Thank goodness this one came out nice, anyway.  This is the one I mostly wanted to bake today, to cross off another one of Reinhart's recipes.

A Final Comparison: Meteil, Seigle, Transitional Rye Sandwich Breads

Here are some 'crumb' shots.

The Meteil, The Seigle, the Transitional Loaves, exposed

This morning, in a side-by-side taste test, I ate a piece of each.  The Meteil, what is left of it, is very sour (and by now fairly dry).  The sourness predominates.  There are hidden flavours there, but this is overwhelmingly sour.  I can't really taste much rye in all this.  There is sweetness behind the sourness, but I'm not sure it is any grain, it may be the enrichment (honey, molasses).  The Seigle is nice.  I didn't detect a sour note until the loaf was down the esophagus, and then my mouth said, "ah, there is the sour note."  The bread was sweet but not overpoweringly so.  The rye could be tasted.  And it gave that rye tang at the very front of the tongue, an astringent sort of overtone that intensifies over a couple of minutes.  I liked the crust.  The Transitional loaf tastes good.  There is a sort of flatness to the flavour, it hits the tongue all at the same time, it doesn't touch the tongue lightly in different areas.  Nothing overwhelms here.  It is sweet and grain-like.  You can taste the rye, but as an undertone.

It is difficult to describe taste in words.  Especially breads with such complex flavours.  I prefer the Seigle, of these three.  But that is just me.

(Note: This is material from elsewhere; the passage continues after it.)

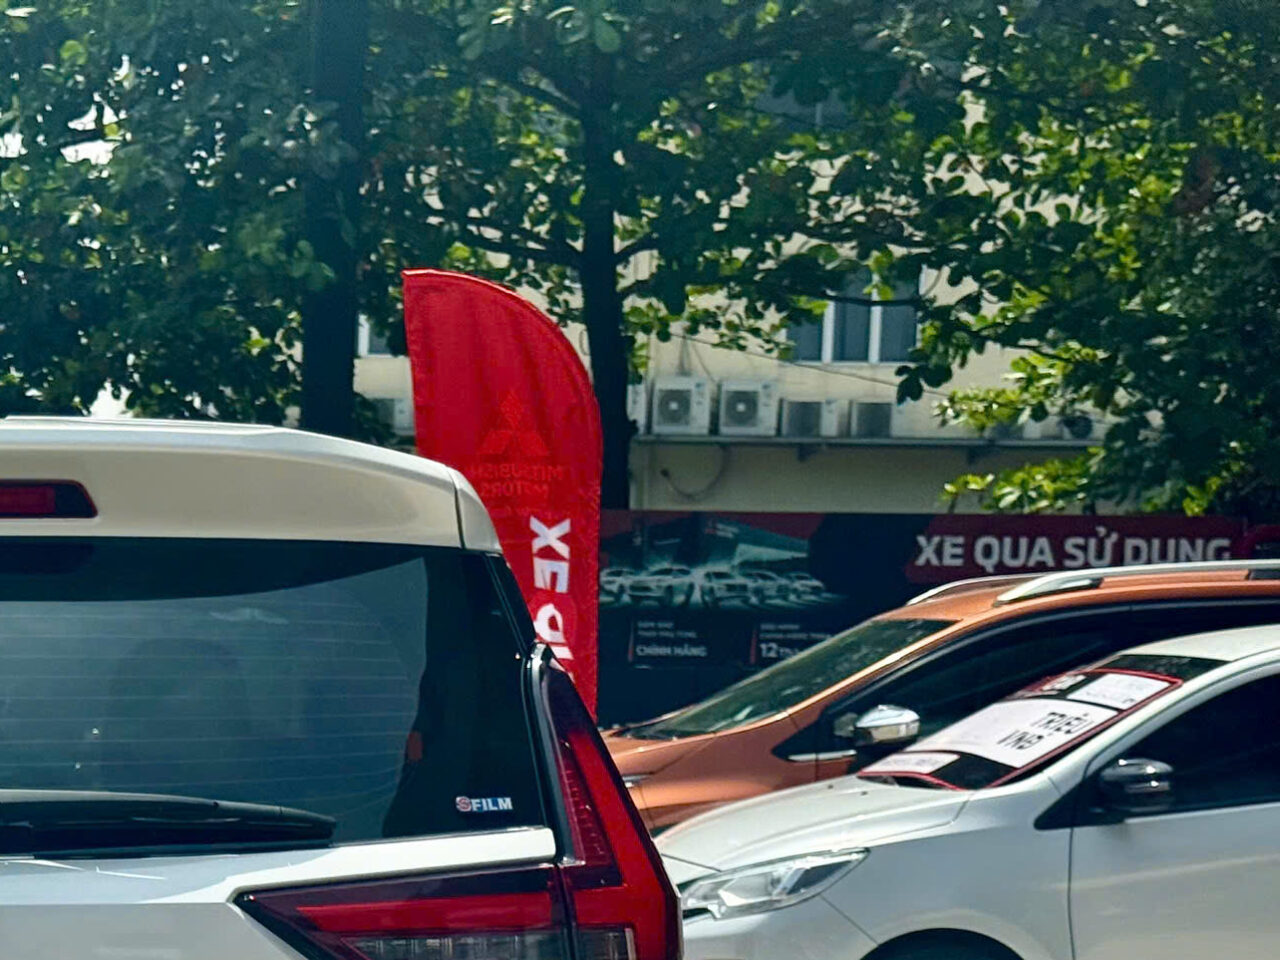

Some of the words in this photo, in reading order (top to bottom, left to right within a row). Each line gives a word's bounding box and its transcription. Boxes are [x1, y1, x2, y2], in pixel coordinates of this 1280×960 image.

[529, 515, 571, 594] XE
[915, 535, 965, 568] XE
[974, 536, 1055, 573] QUA

A couple more crumb shots, of the two that worked:





Notes to Myself:
  • What can be said?  Obviously: Don't shake the loaves when they are fresh from the oven.  Pretend these are your babies.  People who shake babies go to jail forever.
  • If you ever make these loaves again, try a batard shape.  These loaf pans are for sissies.
  • Don't curse Reinhart because of your own failings.
  • Wasn't this more fun than a party full of giggling girls?

1 comment:

  1. Wow what detailed information and gorgeous photos.
    Home-made bread always tastes MUCH better than the store bought stuff. The only thing is that it dries out and spoils so fast that at least for me it seems that two days is the longest that it stays fresh.
    Sorry about your broken one but the other two look great.